Because no calibration points were available (either fossil, paleogeographic event or secondary calibration point), we chose to investigate our data using a molecular clock approach to provide a hypothetical framework for discussion. Prior to estimating divergence times, we used a likelihood-ratio test (Huelsenbeck & Crandall 1997) on Cytb and CO2 to assess rate homogeneity among taxa. This test compares a molecular clock-constrained tree to an unconstrained tree reconstructed in PAUP* 4.0b10 [67] with a null hypothesis of a homogeneous rate of evolution among all branches in the phylogeny. In the present study, the test rejected the null hypothesis for the CO2 data set (LR = 17.11 >> critical value 11.07 with p = 0.05), but not for the Cytb data set (LR = 4.75 << critical value 11.07 with p = 0.05), which indicates that rates of substitution do not vary significantly among branches and that a molecular clock model is appropriate for the Cytb data set.

The ‘‘standard’’ mitochondrial DNA (mtDNA) clock is estimated at 2.3% My−1 [68], and has been found empirically to correspond to independent calibrations in many case studies [69]; Therefore, we used this rate in a first approach. This rate, however, is problematic because i) it has been defined for the CO1 gene only and despite being often applied to the evolution of other genes, and ii) it is difficult to apply a rate known in one species to another species because the variance of evolution rates could be important. Moreover, LR tests detect only a few cases where these rates vary. For these reasons, we also use the most extreme rates found in literature for Cytb in insects, i.e. 1.1% [70] and 4.22% [71]. The results will be interpreted using both of these extremes since our main goal is to discriminate between two alternative hypotheses: Is Caledonula diversification old (around 37–25 Ma) or relatively recent (< 10Ma)?

To estimate the relative age of divergence of the studied lineages, we used the Bayesian relaxed phylogenetic approach implemented in BEAST 1.4.8 [72] using the best-fitting model as estimated by jModelTest 0.1.1 [58], with the Cytb data set only.

We used a normal distribution for the prior substitution rate, with a mean substitution rate per lineage per million years of 0.0115 (for a substitution rate of 2.3%), of 0.0055 (for a substitution rate of 1.1%) and of 0.0211 (for a substitution rate of 4.22%) and a standard deviation of 0.002. Only the ingroup (genus Caledonula) was constrained on the topology and all other relationships were left free to vary so that topological uncertainty was incorporated into posterior estimates of divergence dates.

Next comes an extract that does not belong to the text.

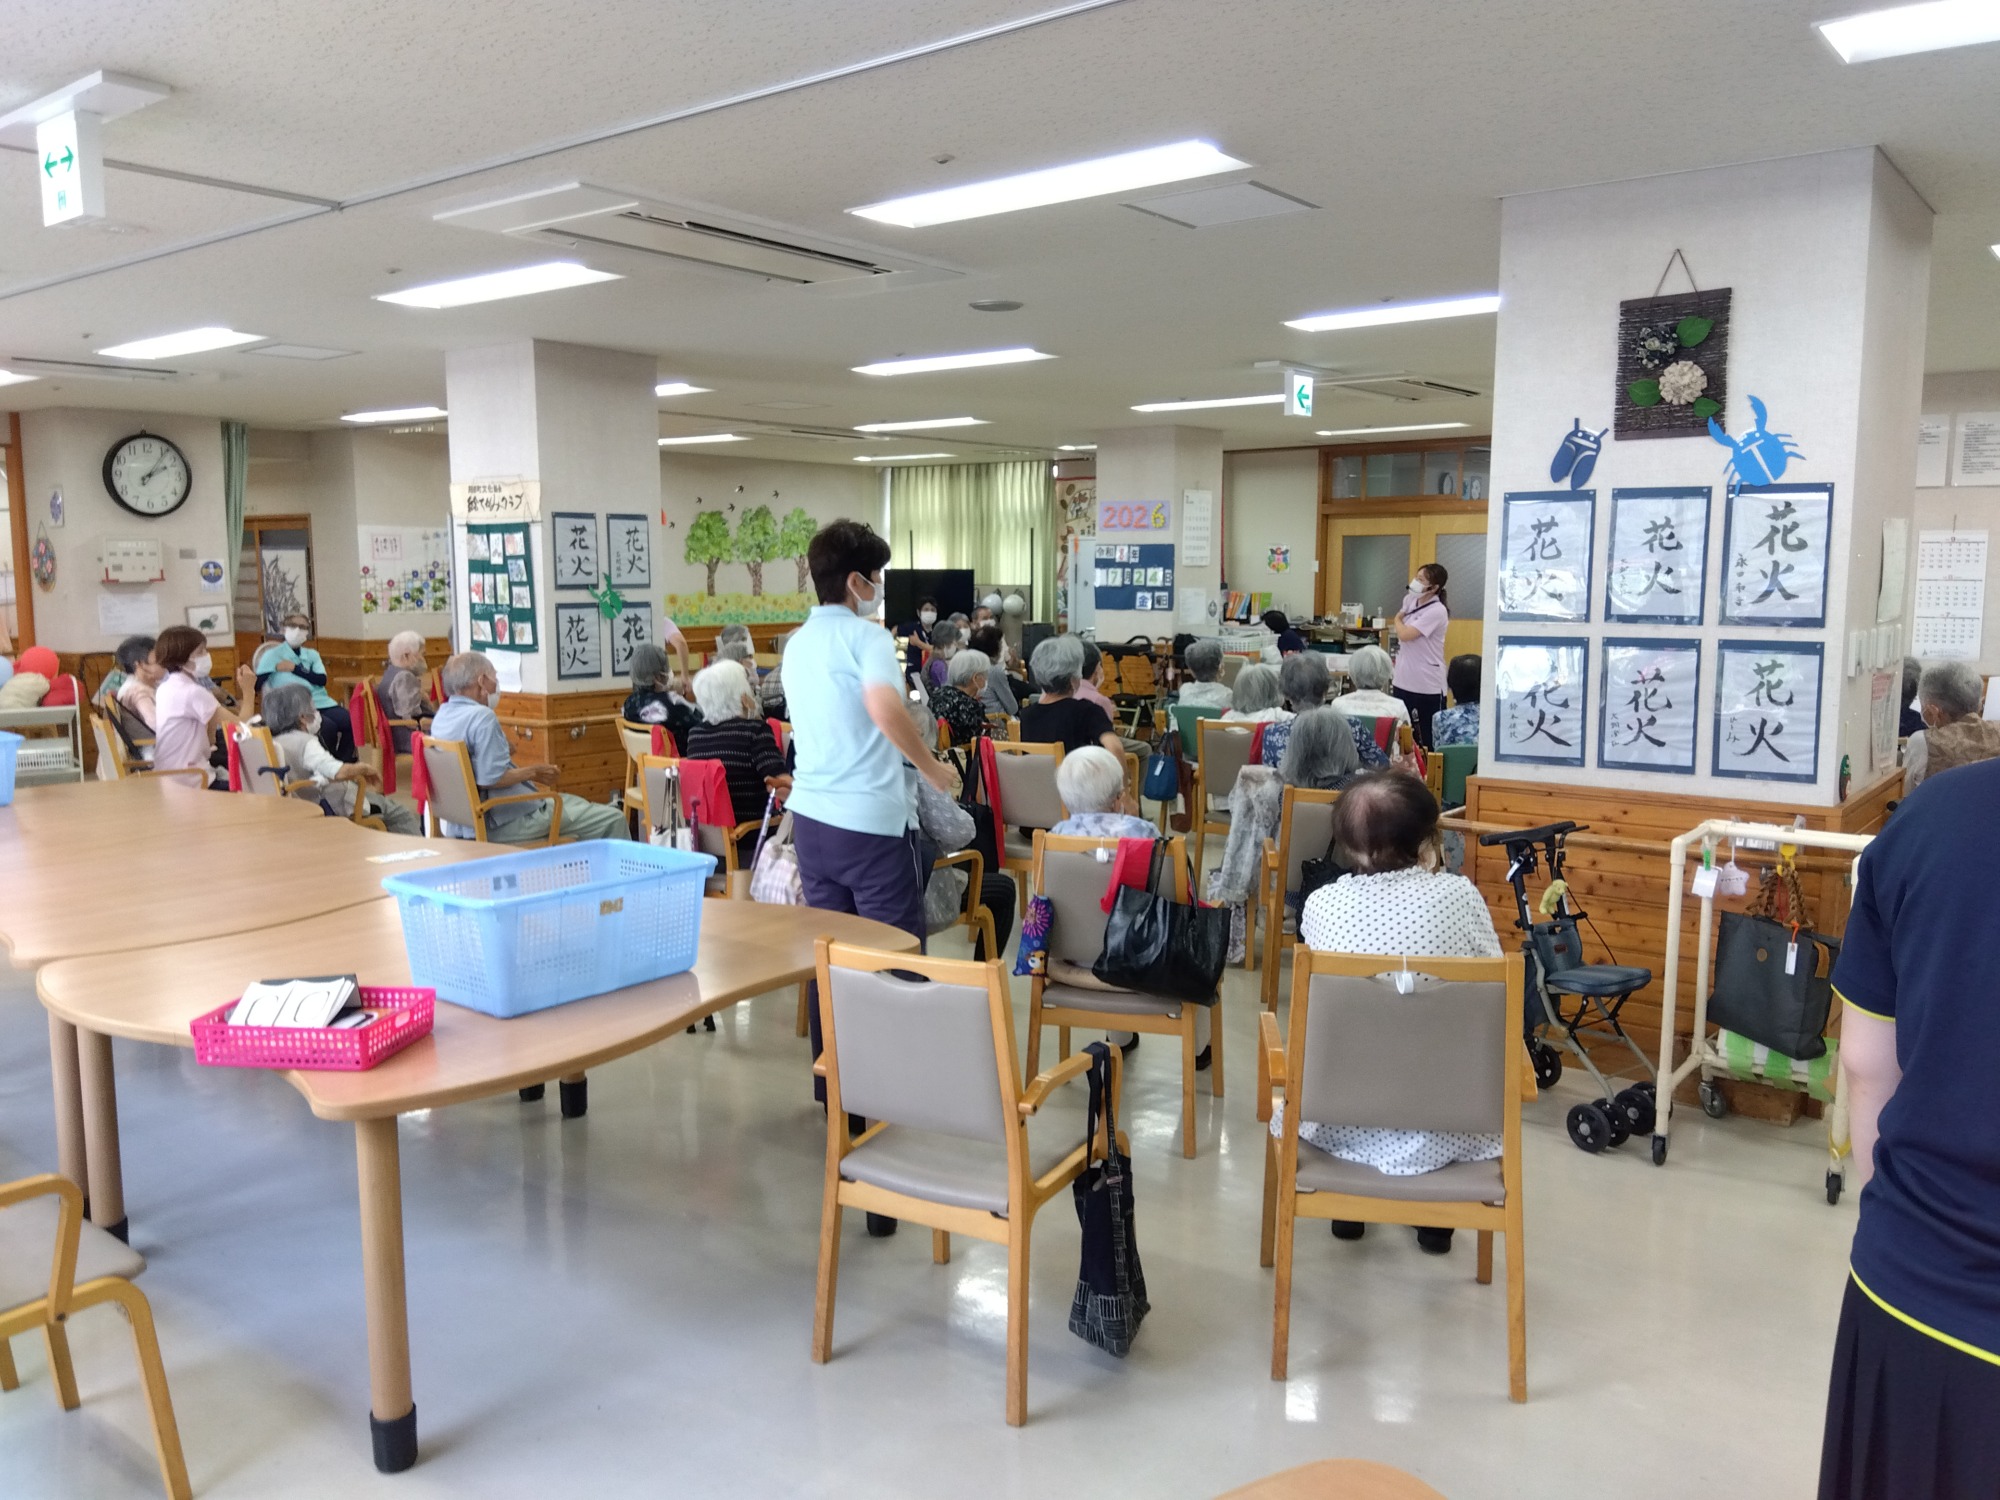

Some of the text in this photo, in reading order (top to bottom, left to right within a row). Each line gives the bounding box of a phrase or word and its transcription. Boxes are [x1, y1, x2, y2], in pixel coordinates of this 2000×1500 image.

We confirmed the results by using two independent analyses over 10 million generations, and we sampled every 1000 generations to obtain a maximum of 10,000 samples, as recommended by [72]. The two analyses converged on similar posterior estimates. We then used Tracer 1.4.1 [62] to assess convergence, measure the effective sample size of each parameter, and calculate the mean and 95% highest posterior density (HPD) interval for divergence times. We determined whether a sample size greater than 200 was achieved for all parameters after the analyses. Results of the two runs were combined with LogCombiner 1.4.7 [72], and the consensus tree was compiled with TreeAnnotator 1.4.7 [72].

2.6. Geographical distribution, soil diversity and niche modelling

We aimed to test whether certain environmental parameters (soil, climate) could have influenced the distribution of the genus. Ecological niche models (ENM) were constructed using the maximum entropy niche modelling approach implemented in MAXENT [73], [74]. This is one of the best-performing programmes for species distribution models, which it builds based on presence only [75]. Data on absences were therefore not used in the analysis, but we show them to illustrate all the investigated areas (see results section). Environmental data layers were constructed for the 19 BIOCLIM variables (at 30 arc-seconds resolution) in the worldclim dataset. These variables were derived from the interpolation of monthly readings for precipitation and minimum, maximum, and mean temperatures for the period 1950–2000 [76].


3.1. Taxonomy (see Appendix 1)

The genus Caledonula is extensively revised here. The type species C. fuscovittata is redescribed and three new species are described.

3.2. Geographical distribution and soil diversity

Caledonula fuscovittata has a large distribution with twelve distant localities, always on non-metalliferous soils (Figure 2). Specimens of this species collected on Mont Mou and Mont Koghis (ultramafic massifs) were collected on non-metalliferous soils at the base of these mountains and the species was not found on the ultramafic higher elevations. Mont Do has a heterogeneous soil composition: it is non-metalliferous at the bottom and metalliferous at the top. Except for one specimen showing contradictory information on the labels (GPS data indicates the top of Mont Do, whereas it is labelled as being from the base of Mont Do), all specimens identified as C. fuscovittata are from non-ultramafic soils only.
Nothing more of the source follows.